TASK STATEMENT>
Each record below is to be copied word for word, with pictures removed.

EXCERPTED RECORDS>
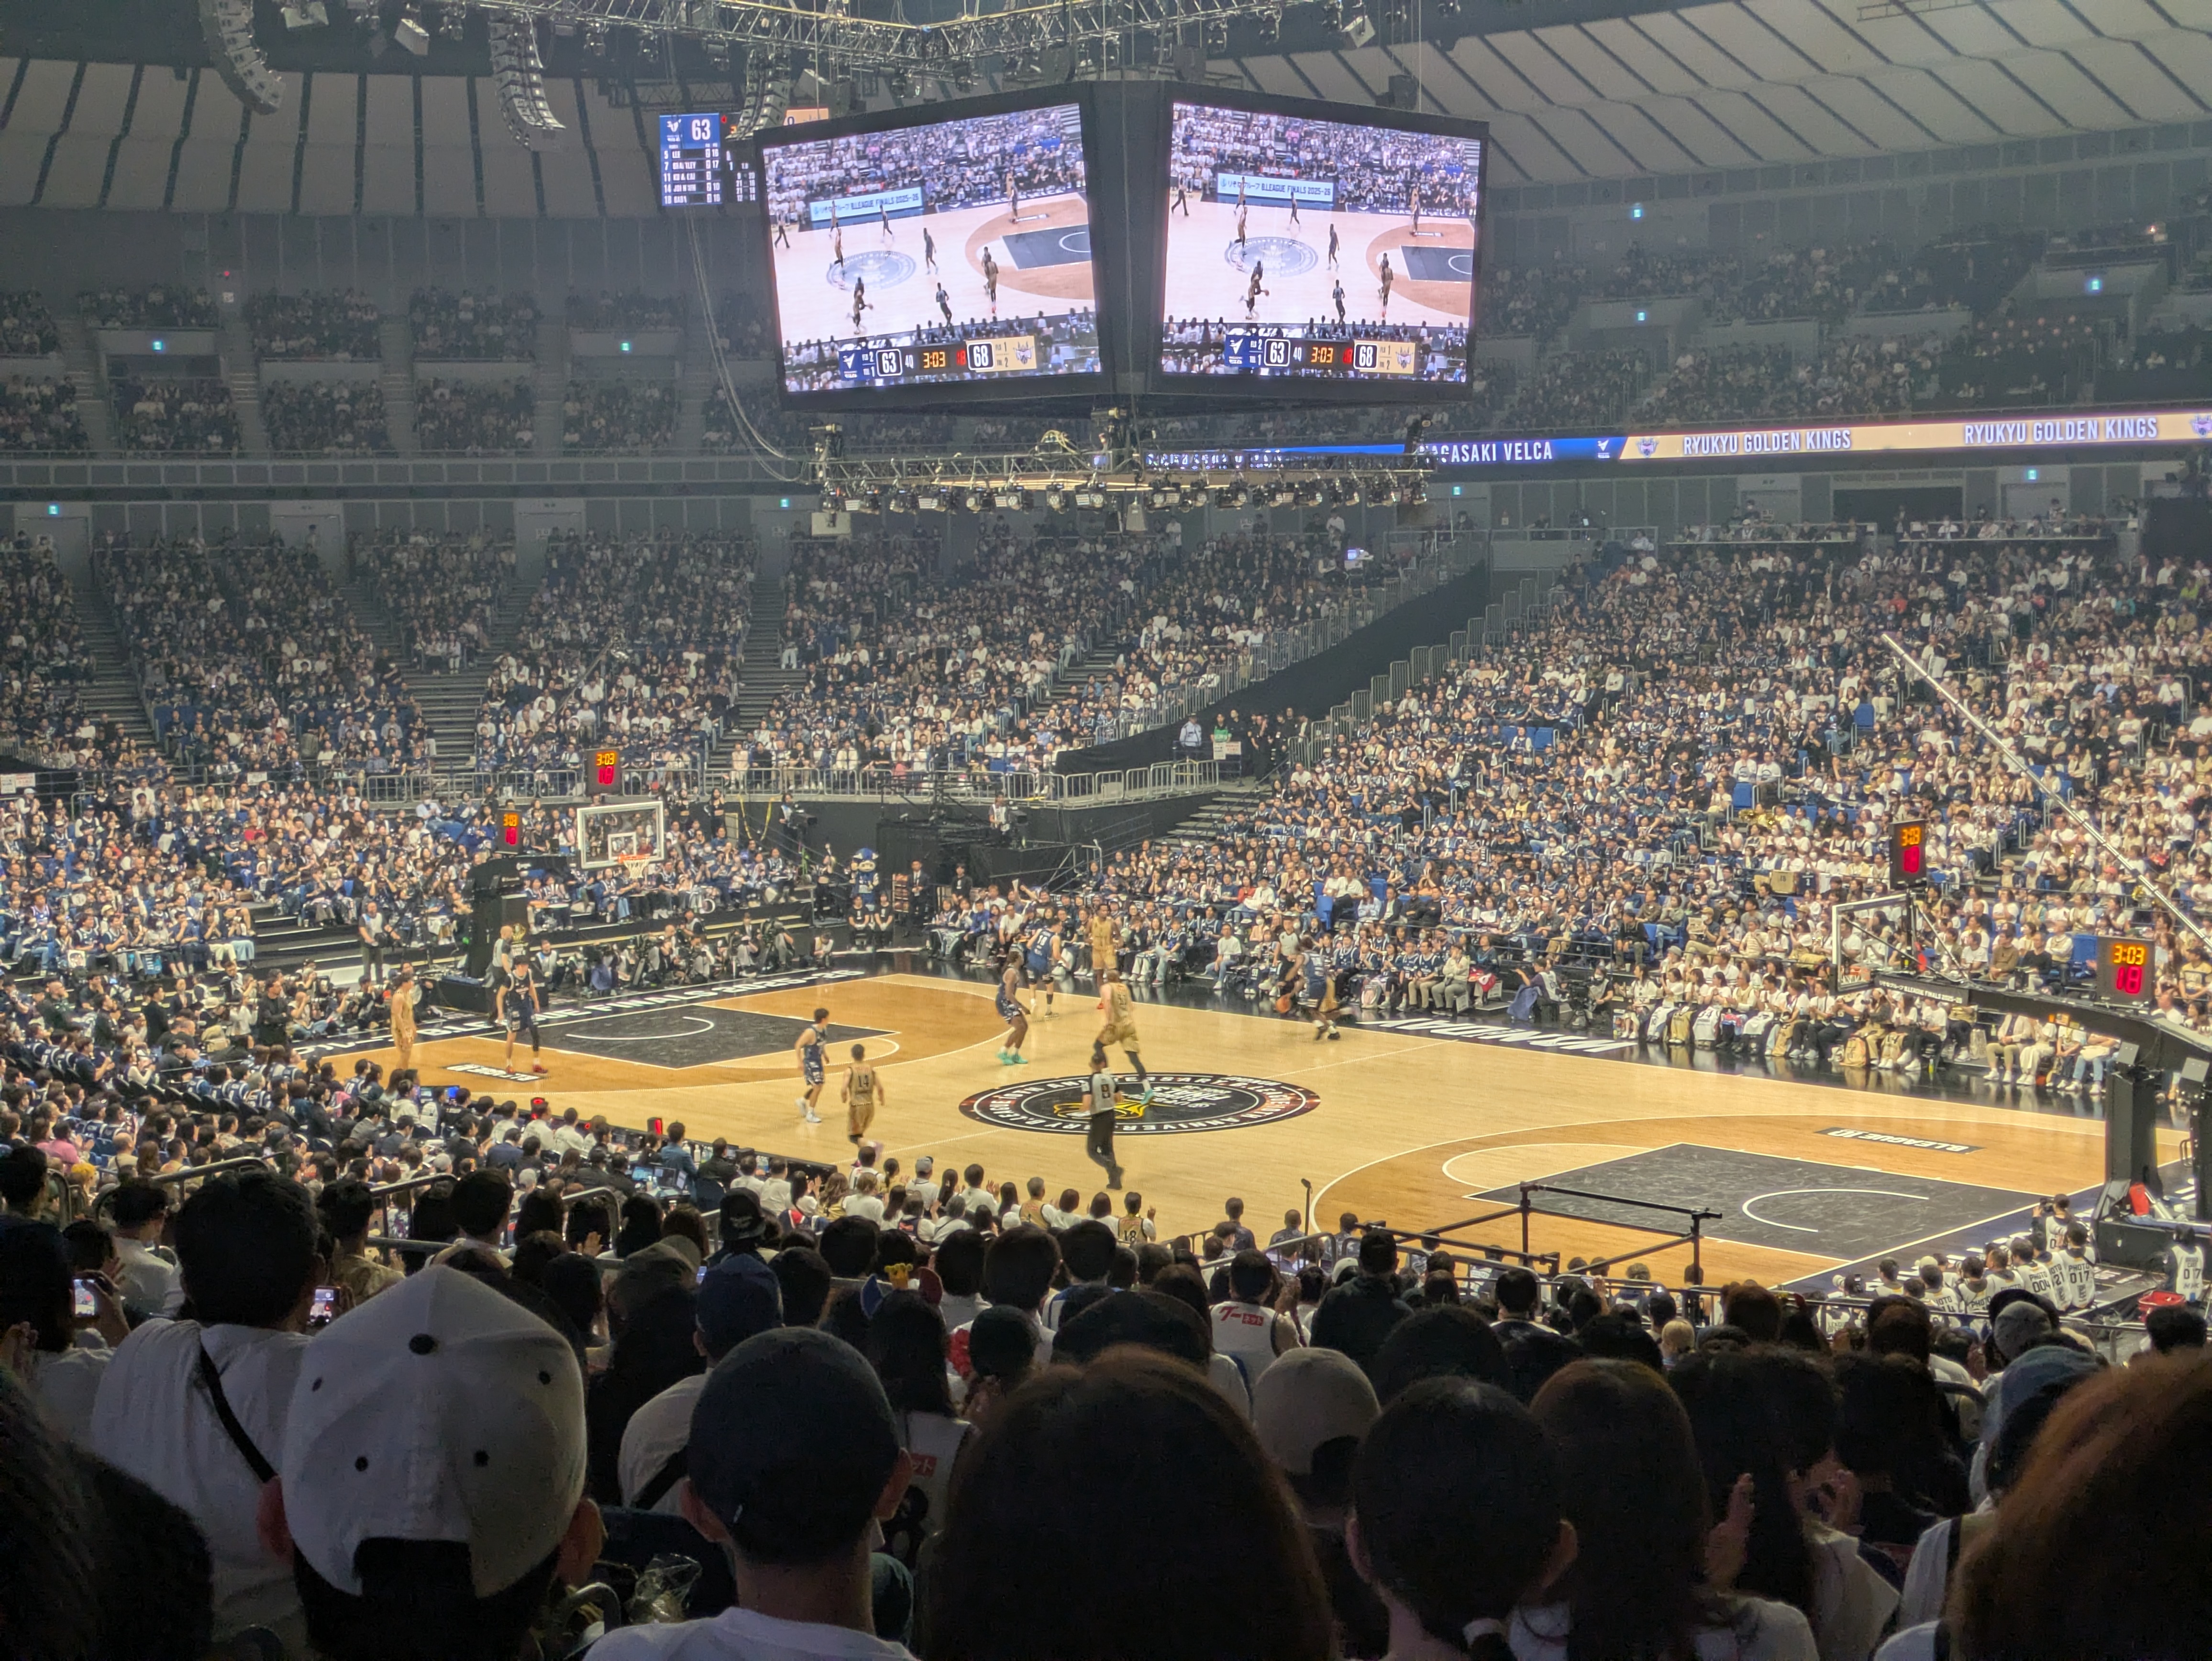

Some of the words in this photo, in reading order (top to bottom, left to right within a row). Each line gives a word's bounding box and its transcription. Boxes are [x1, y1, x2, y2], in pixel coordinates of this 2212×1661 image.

[692, 119, 710, 140] 63
[664, 162, 669, 170] 7
[713, 160, 719, 168] 17
[664, 173, 670, 182] 11
[664, 184, 671, 193] 14
[1258, 339, 1262, 350] 2
[869, 353, 874, 363] 2
[881, 353, 896, 374] 63
[905, 355, 913, 368] 4Q
[923, 352, 946, 369] 3:03
[973, 345, 988, 366] 68
[1270, 342, 1284, 364] 63
[1293, 347, 1302, 362] 4Q
[1310, 346, 1334, 364] 3:03
[1359, 345, 1373, 366] 68
[1005, 357, 1008, 367] 2
[1387, 360, 1391, 370] 2
[1964, 423, 2027, 444] RYUKYU
[2033, 420, 2098, 442] GOLDEN
[2105, 417, 2157, 439] KINGS
[1683, 434, 1738, 455] RYUKYU
[1744, 432, 1800, 453] GOLDEN
[1806, 430, 1851, 450] KINGS
[1503, 441, 1552, 461] VELCA
[597, 752, 615, 766] 3:03
[598, 765, 615, 785] 18
[2113, 944, 2146, 966] 3:03
[2115, 965, 2143, 995] 18
[584, 990, 718, 1012] FINALS
[712, 970, 865, 993] 2025-26
[857, 1074, 870, 1088] 14
[998, 1087, 1045, 1099] 10TH
[1240, 1106, 1285, 1118] 10TH
[1858, 1132, 1969, 1152] B.LEAGUE
[1124, 1230, 1137, 1242] 18
[2068, 1263, 2090, 1272] PHOTO
[2029, 1271, 2048, 1282] PHOTO
[2053, 1273, 2065, 1287] 21
[2070, 1271, 2090, 1284] 017
[2032, 1279, 2050, 1293] 004
[1971, 1296, 1991, 1308] PHOTO
[1219, 1306, 1264, 1327] グーネット
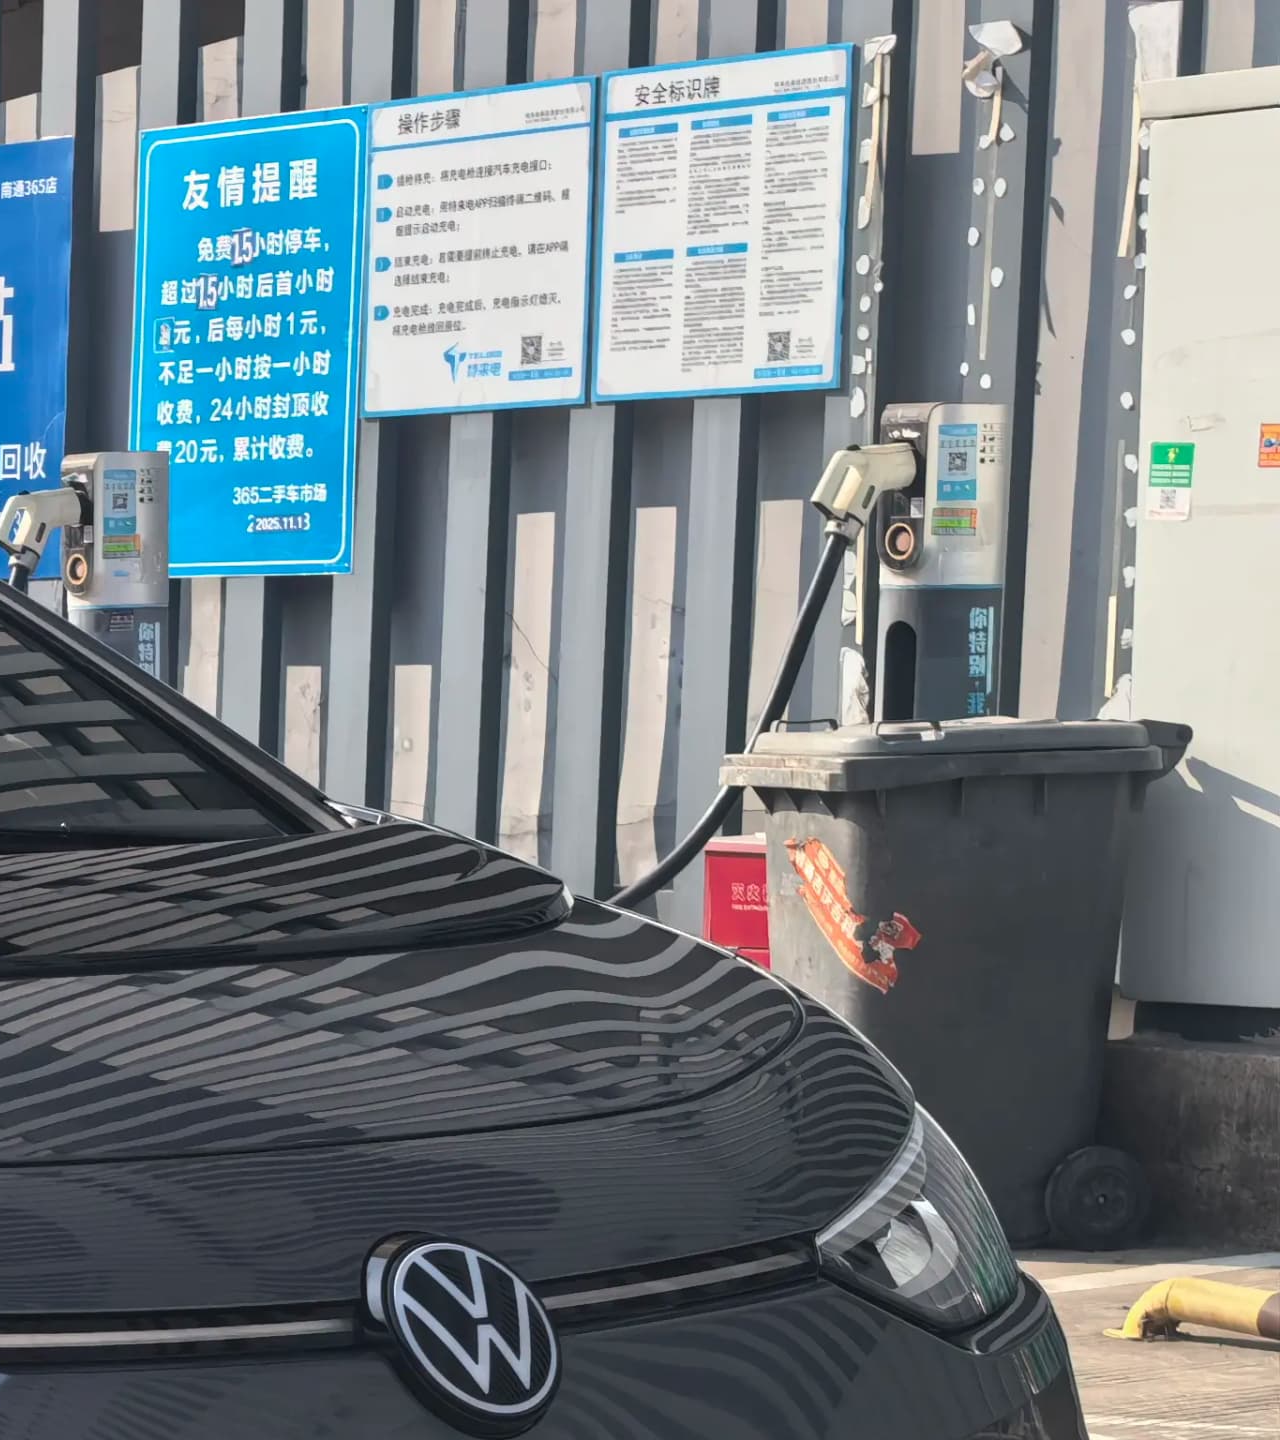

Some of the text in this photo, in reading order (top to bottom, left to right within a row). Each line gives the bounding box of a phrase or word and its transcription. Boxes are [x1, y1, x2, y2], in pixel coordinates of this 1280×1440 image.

RESULT OF THIS TASK>
Some of the words in this photo, in reading order (top to bottom, left to right within a row). Each line gives a word's bounding box and its transcription. Boxes are [x1, y1, x2, y2], in pixel coordinates of this 2212×1661 image.

[692, 119, 710, 140] 63
[664, 162, 669, 170] 7
[713, 160, 719, 168] 17
[664, 173, 670, 182] 11
[664, 184, 671, 193] 14
[1258, 339, 1262, 350] 2
[869, 353, 874, 363] 2
[881, 353, 896, 374] 63
[905, 355, 913, 368] 4Q
[923, 352, 946, 369] 3:03
[973, 345, 988, 366] 68
[1270, 342, 1284, 364] 63
[1293, 347, 1302, 362] 4Q
[1310, 346, 1334, 364] 3:03
[1359, 345, 1373, 366] 68
[1005, 357, 1008, 367] 2
[1387, 360, 1391, 370] 2
[1964, 423, 2027, 444] RYUKYU
[2033, 420, 2098, 442] GOLDEN
[2105, 417, 2157, 439] KINGS
[1683, 434, 1738, 455] RYUKYU
[1744, 432, 1800, 453] GOLDEN
[1806, 430, 1851, 450] KINGS
[1503, 441, 1552, 461] VELCA
[597, 752, 615, 766] 3:03
[598, 765, 615, 785] 18
[2113, 944, 2146, 966] 3:03
[2115, 965, 2143, 995] 18
[584, 990, 718, 1012] FINALS
[712, 970, 865, 993] 2025-26
[857, 1074, 870, 1088] 14
[998, 1087, 1045, 1099] 10TH
[1240, 1106, 1285, 1118] 10TH
[1858, 1132, 1969, 1152] B.LEAGUE
[1124, 1230, 1137, 1242] 18
[2068, 1263, 2090, 1272] PHOTO
[2029, 1271, 2048, 1282] PHOTO
[2053, 1273, 2065, 1287] 21
[2070, 1271, 2090, 1284] 017
[2032, 1279, 2050, 1293] 004
[1971, 1296, 1991, 1308] PHOTO
[1219, 1306, 1264, 1327] グーネット

Some of the text in this photo, in reading order (top to bottom, left to right within a row). Each line gives the bounding box of a phrase or word and its transcription. Boxes are [x1, y1, x2, y2], in pixel coordinates of this 1280×1440 image.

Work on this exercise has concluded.